Hi * delilah* please don't stress. I'm certain everything is fine for you. I have such a good feeling for you. It must be so difficult for you but not long to go until your results.
We've started looking into adoption and going through who we would be happy to adopt. It makes me feel a bit more positive. At the moment I have thrush, end of af, feeling of overwhelming doom so I am taking any of the positives I can. X
Thanks waiting and good luck with heading into adoption. Just remain focused on the fact you will be a mummy eventually, whatever the path you have to take to get there. It's the only thing keeping me going. If this cycle does end in failure, there are still options out there for me.
Aw flixy hope it goes well at the baby shower. I've never liked them, don't believe in anything like that until the baby is there safe & sound. I've gone to a few, but always tell the mum to be they'll have to wait for the present. Not miserable just old fashioned!
delilah everything crossed for you, keep staying positive xx
We've never seriously discussed adoptions, waiting. I don't know if either of us could handle it. My hubby found out his mum had given up her 1st son for adoption when he turned up out of the blue after she died, so I think it would bring up too much for us to cope with. I think it's a amazing thing to go for, I'm just not ready for it. Good luck to you guys.

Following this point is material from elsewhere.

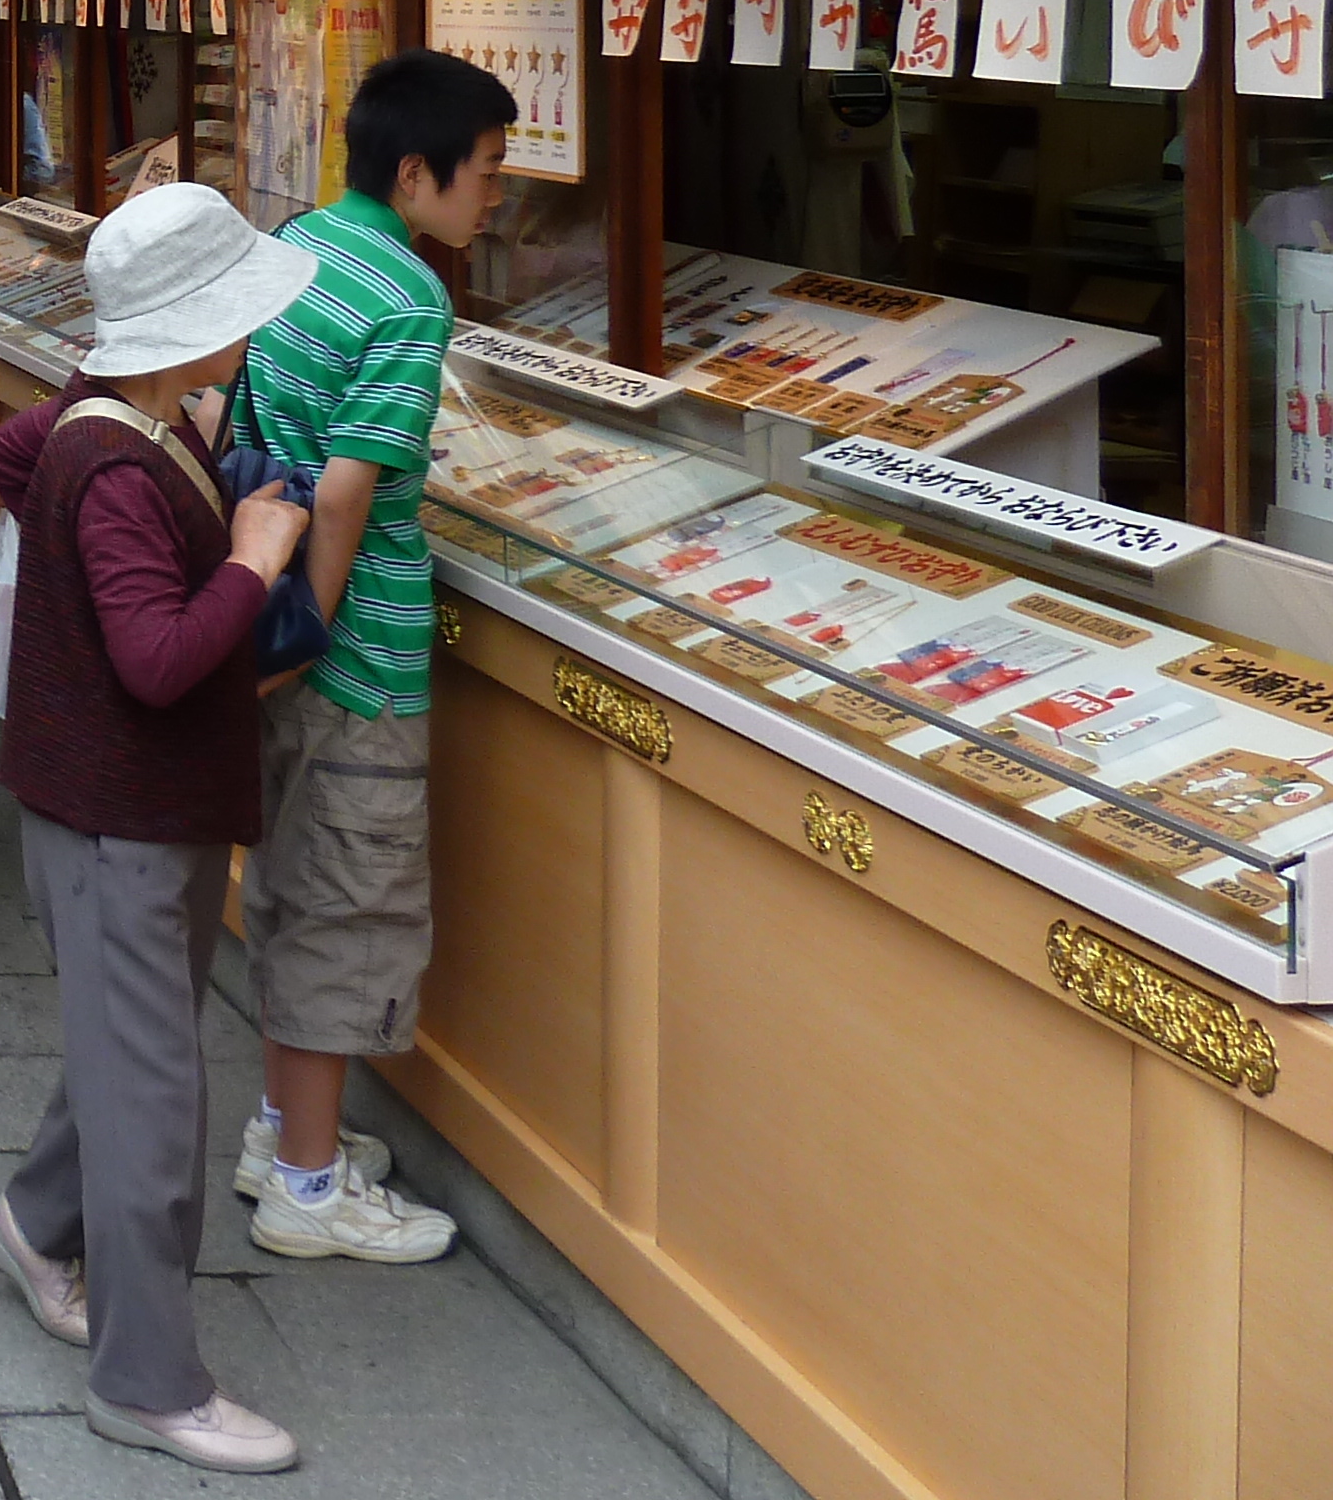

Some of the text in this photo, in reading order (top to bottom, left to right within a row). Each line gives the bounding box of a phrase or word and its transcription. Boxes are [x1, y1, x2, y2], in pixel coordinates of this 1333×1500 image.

Thanks dusty we're on the other side of it. My dh dad ( who is a knob) was adopted. Dh adoptive grandfather was the nicest man I've ever met and my friends have just adopted a second lo so it's always something we've looked at. Just going to enjoy a medication free month before we see the specialist to discuss next options.

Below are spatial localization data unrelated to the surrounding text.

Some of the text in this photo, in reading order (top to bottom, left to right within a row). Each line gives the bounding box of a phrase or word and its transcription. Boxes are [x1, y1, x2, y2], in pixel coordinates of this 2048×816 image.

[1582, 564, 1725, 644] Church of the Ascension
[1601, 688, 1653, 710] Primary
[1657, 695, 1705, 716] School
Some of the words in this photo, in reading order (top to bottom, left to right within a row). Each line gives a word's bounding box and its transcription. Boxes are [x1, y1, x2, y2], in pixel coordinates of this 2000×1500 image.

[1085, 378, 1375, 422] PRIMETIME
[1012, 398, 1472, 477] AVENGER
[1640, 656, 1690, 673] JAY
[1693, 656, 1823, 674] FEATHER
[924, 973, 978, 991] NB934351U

waiting I know a few adoptees, and I'd consider it further down the line but don't think the husband would go for it.
Just been the Dr & going for FSH & other bloods on 25th. Fingers crossed!

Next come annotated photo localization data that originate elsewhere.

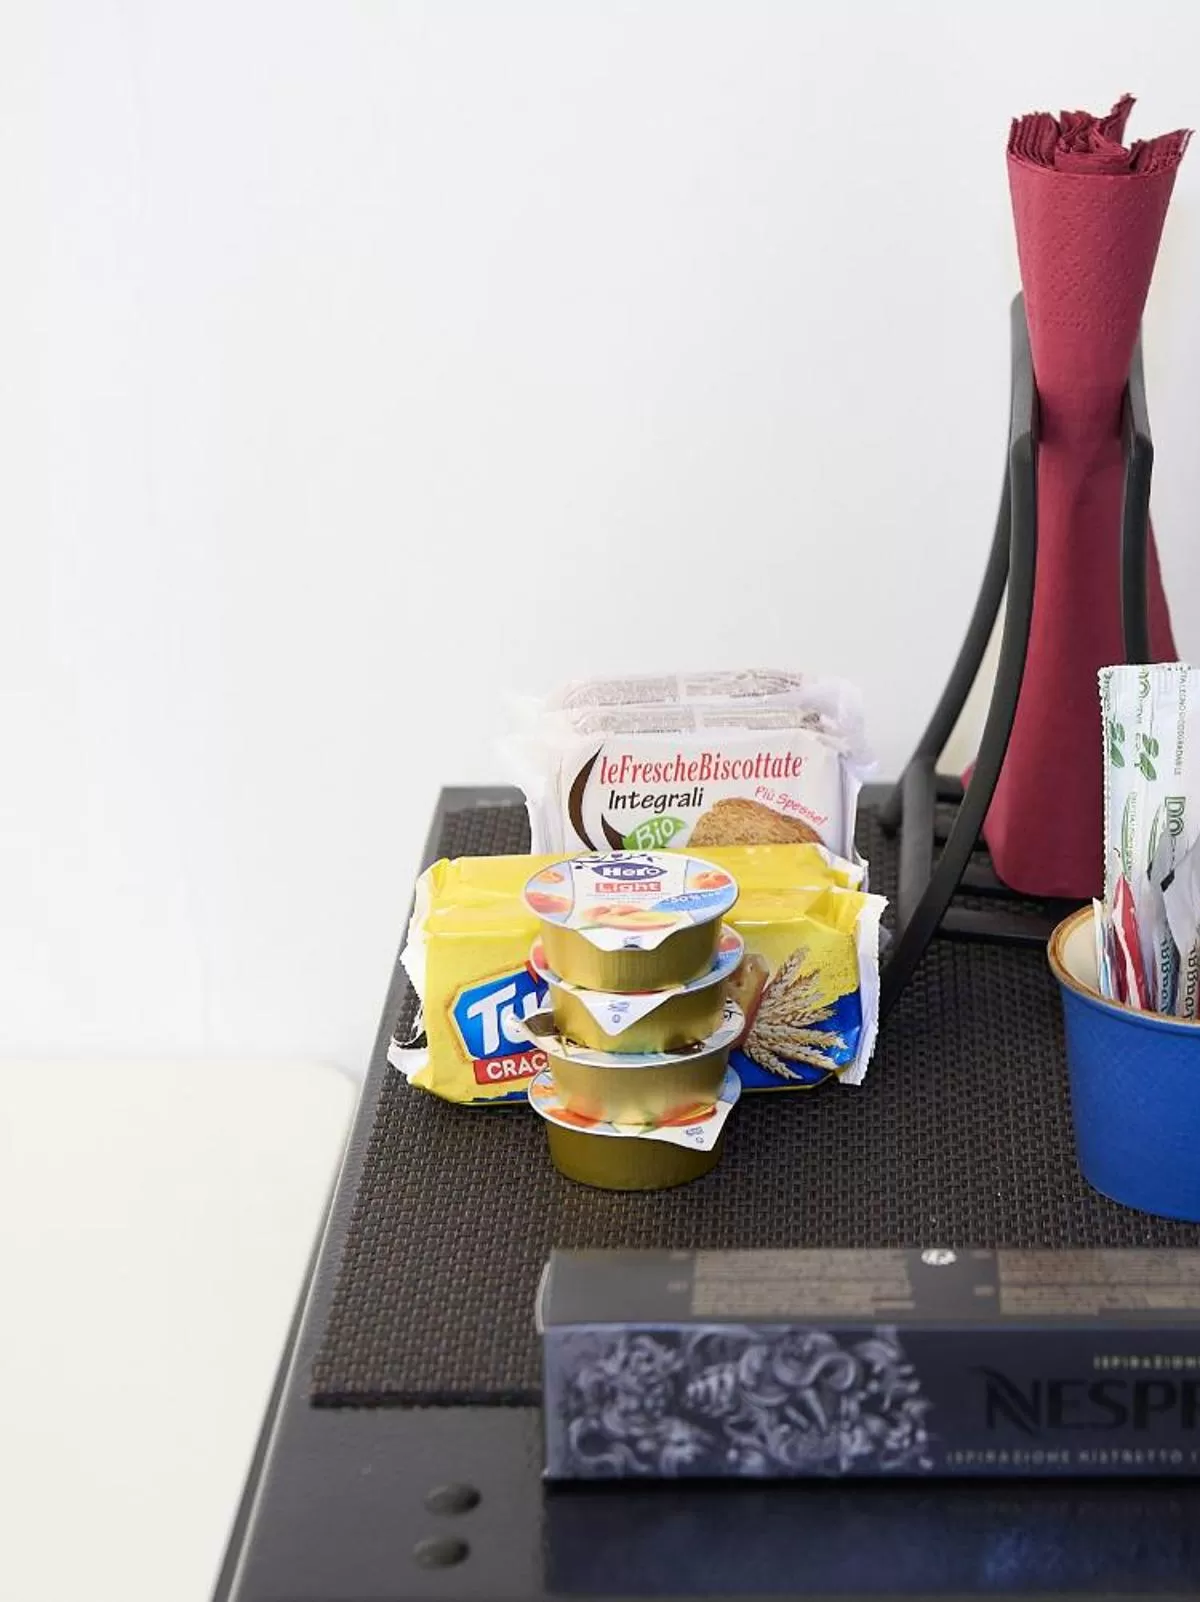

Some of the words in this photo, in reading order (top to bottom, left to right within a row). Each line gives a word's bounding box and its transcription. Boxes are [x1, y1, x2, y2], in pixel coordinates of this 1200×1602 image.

[608, 786, 704, 814] Integrali
[634, 818, 675, 850] Bio
[601, 866, 661, 877] Hero
[596, 881, 662, 893] Light
[485, 1053, 548, 1079] CRAC
[946, 1449, 1070, 1465] ISPIRAZIONE
[1078, 1449, 1184, 1465] RISTRETTO

I hate waiting on a phonecall that's know isn't going to happen!!
Spoke to my consultants receptionist yesterday asking about dates for DHs semen analysis and my HSG. She was to check with the doc and phone me back-no call. It's just so frustrating cos the doc wanted them done quickly and it's just not happening.
We are paying privately for this (we can just about afford it) and don't feel like we're getting anywhere. Just one of those days i reckon!
I'd just keep pestering them flixy until they do it. Esp as you're paying. Nothing worse than waiting for a call.
I've been Mrs Efficient booking my blood test, follow up appt, smoking cessation, and smear. Hubby is at his GP tomorrow so hopefully he'll sort out his analysis then. Feel better now I have things moving.
Any news on anyone the hut is a bit quiet?
Hi pink! How are you keeping?
DH has got his semen analysis on Tuesday, we will have the results in a week. I asked him was he nervous about the results and he said no as he already has a child (well, teen!) and then he thought about it and said if the results come back poor he will be asking questions!!!
I was wondering how delilah was. Didn't she get her results yesterday? Really hoping they were good for her
I'm feeling little bit more positive. Month off clomid so feeling bit more relaxed. Think I'm coming to terms with the fact that it's not going to happen.
Hope everyone else is ok
I'm alright flixy just mega tired these days but apart from that not to bad only 3 days to go until the 24 week viability mark so looking forward to that
Everyone else alright? Delilah how's things?
Bet you can't wait for that pink, will take a load off.
Waiting you seem to be happy with your decision. Hope being off the clomid makes you feel better.
My hubby has been given his little tub for his semen analysis as well flixy. He can do it at home then get it to the lab within one hour. He's saying he's not nervous bit I think the pressure to do it will put him off!